The Prose Works of Jonathan Swift, D.D. — Volume 06 eBook

This eBook from the Gutenberg Project consists of approximately 302 pages of information about The Prose Works of Jonathan Swift, D.D. — Volume 06.

The Report says, that “upon an assay made of the fineness, weight and value of this copper, it exceeded in every article.”  This is possible enough in the pieces upon which the assay was made; but Wood must have failed very much in point of dexterity, if he had not taken care to provide a sufficient quantity of such halfpence as would bear the trial; which he was well able to do, although “they were taken out of several parcels.”  Since it is now plain, that the bias of favour hath been wholly on his side.[6]

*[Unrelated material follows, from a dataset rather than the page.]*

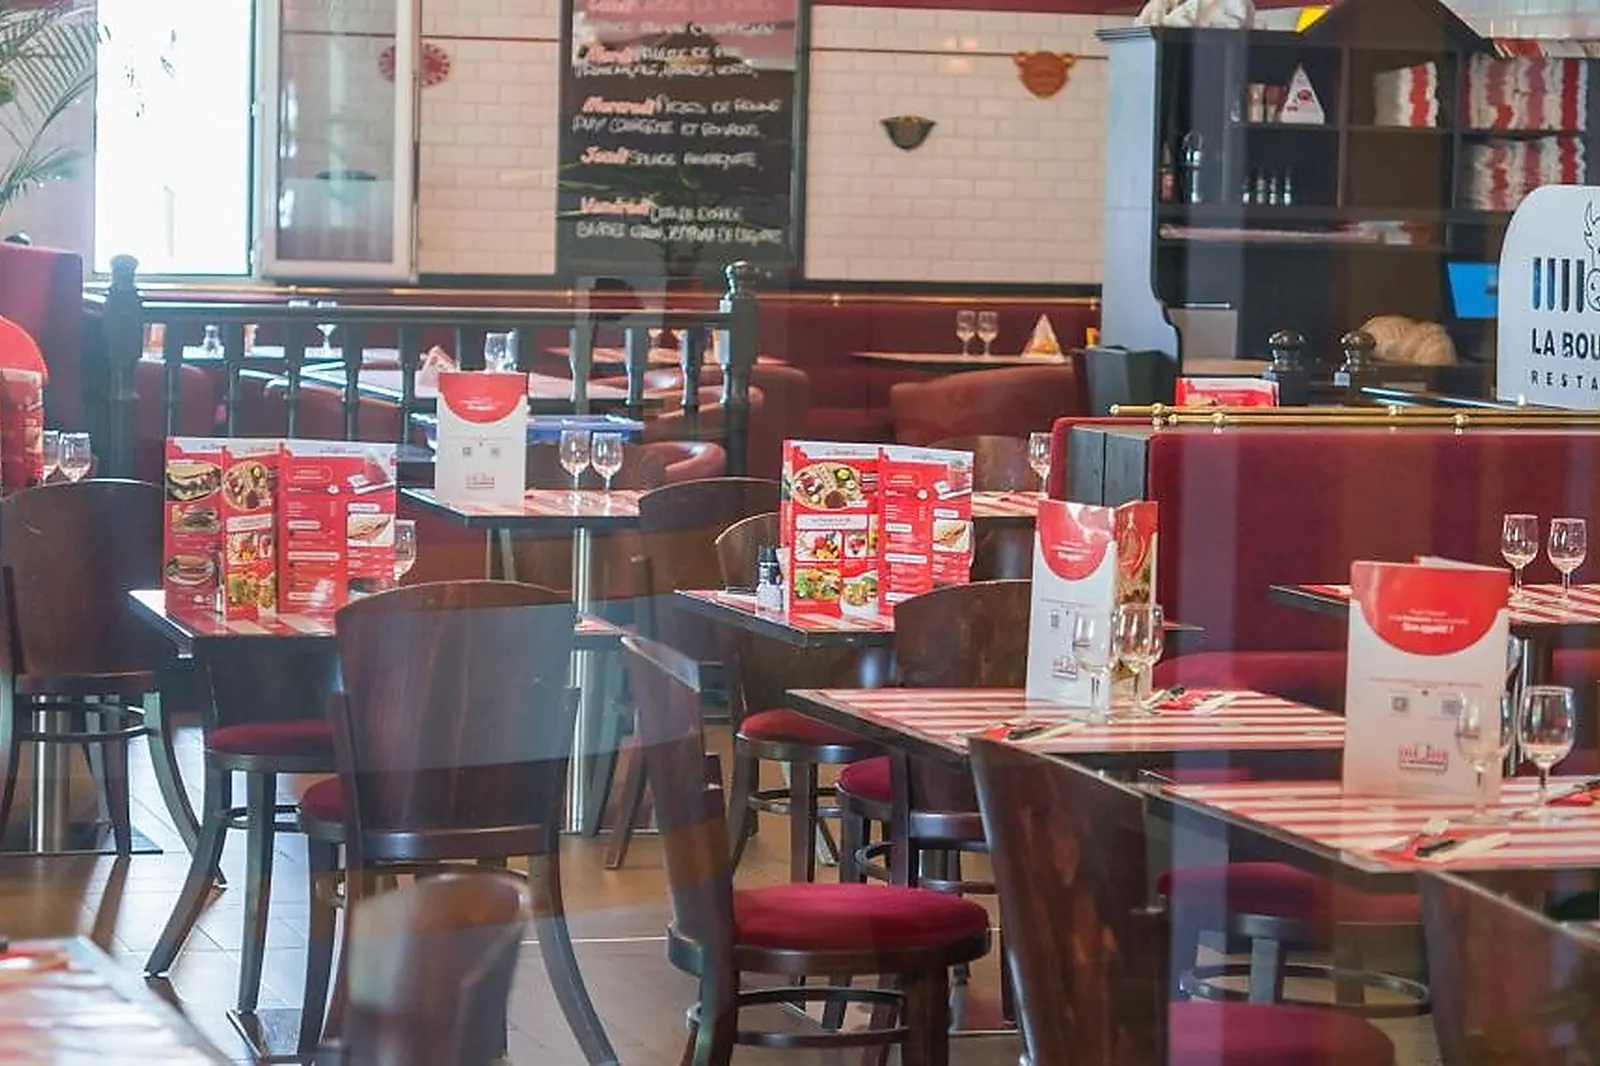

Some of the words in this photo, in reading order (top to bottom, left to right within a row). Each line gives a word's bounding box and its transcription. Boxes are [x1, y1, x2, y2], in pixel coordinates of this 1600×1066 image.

[1532, 327, 1555, 356] LA
[1562, 332, 1600, 360] BOU
[1531, 370, 1599, 390] RESTA

[Footnote 6:  The report of the assayers as abstracted by the Lords of the Committee in their report is not accurately stated.  Monck Mason notes that the abstract omits the following passage:  “But although the copper was very good, and the money, one piece with another, was full weight, yet the single pieces were not so equally coined in the weight as they should have been.”  Nor is it shown that the coins assayed were of the same kind as those sent into Ireland.  The Committee’s report fails to see the question that must arise when it is noted that while in England a pound of copper was made into twenty-three pence, yet for Ireland Wood was permitted to make it into thirty pence, in spite of the statement that the copper used in England was worth fivepence a pound more than that used by Wood. [T.S.]]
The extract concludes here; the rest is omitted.